_Task to carry out_
The records that follow are to be repeated exactly, with the pictures removed.

=== Information shown ===

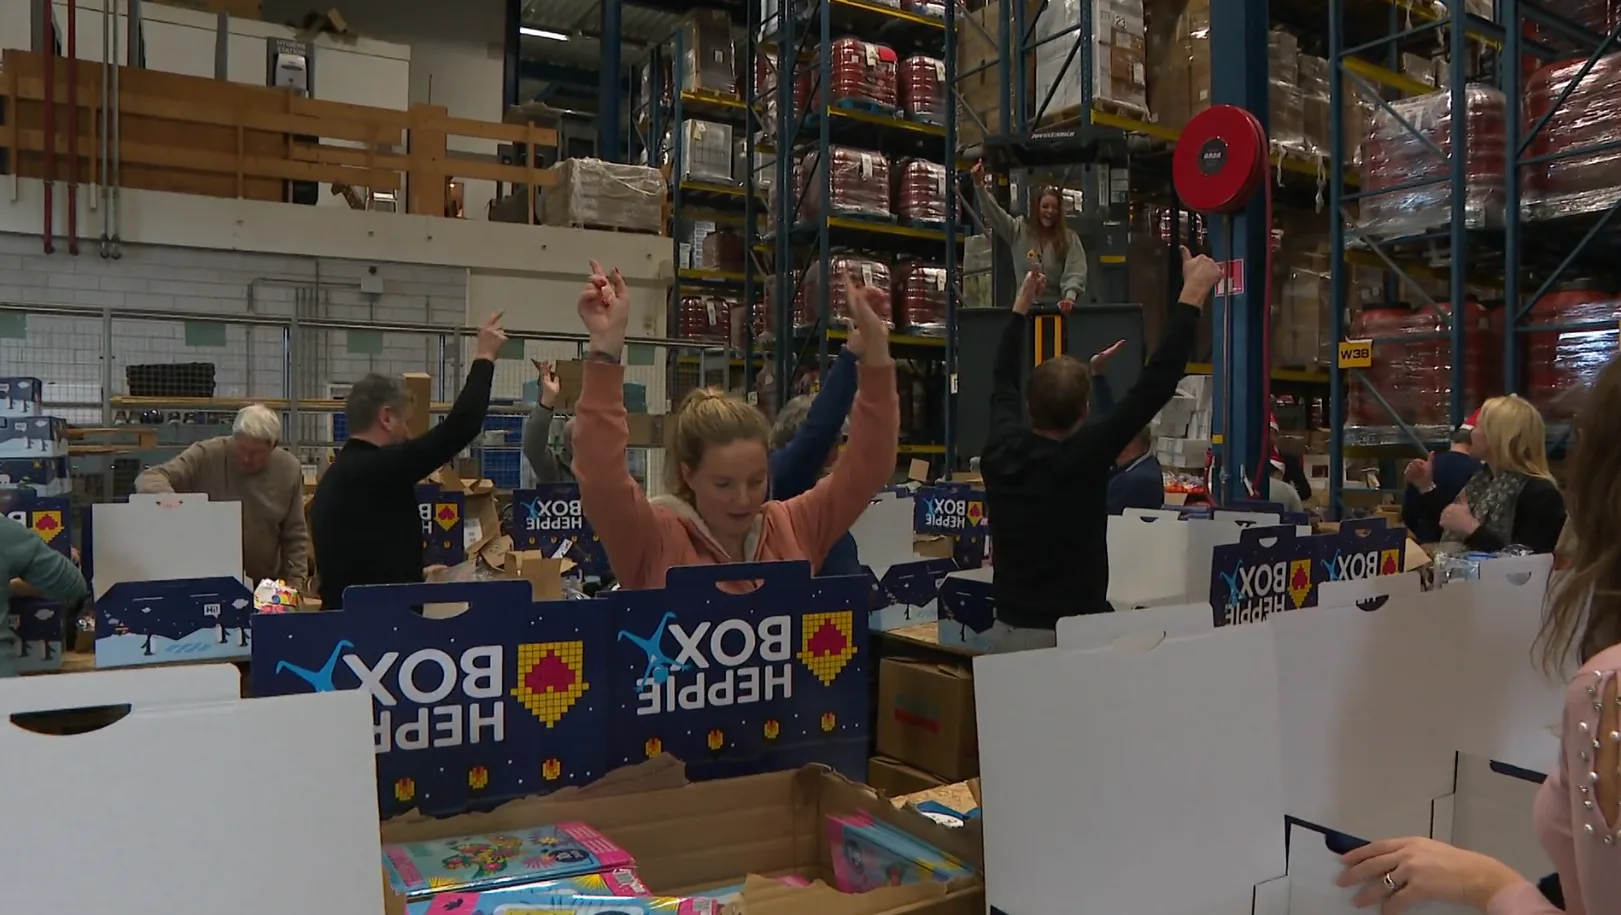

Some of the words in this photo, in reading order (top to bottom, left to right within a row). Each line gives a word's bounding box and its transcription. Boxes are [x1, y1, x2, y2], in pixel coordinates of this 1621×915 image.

[1115, 15, 1126, 29] 23
[1340, 348, 1369, 360] W38
[537, 500, 582, 517] BOX
[934, 498, 966, 516] BOX
[525, 516, 582, 530] HEPPIE
[925, 513, 965, 529] HEPPIE
[1337, 551, 1378, 581] BOX
[1239, 561, 1287, 597] BOX
[206, 605, 219, 614] Hi!
[668, 615, 791, 671] BOX
[342, 645, 503, 706] BOX
[636, 663, 792, 715] HEPPIE

===

_Output of the exercise_
Some of the words in this photo, in reading order (top to bottom, left to right within a row). Each line gives a word's bounding box and its transcription. Boxes are [x1, y1, x2, y2], in pixel coordinates of this 1621×915 image.

[1115, 15, 1126, 29] 23
[1340, 348, 1369, 360] W38
[537, 500, 582, 517] BOX
[934, 498, 966, 516] BOX
[525, 516, 582, 530] HEPPIE
[925, 513, 965, 529] HEPPIE
[1337, 551, 1378, 581] BOX
[1239, 561, 1287, 597] BOX
[206, 605, 219, 614] Hi!
[668, 615, 791, 671] BOX
[342, 645, 503, 706] BOX
[636, 663, 792, 715] HEPPIE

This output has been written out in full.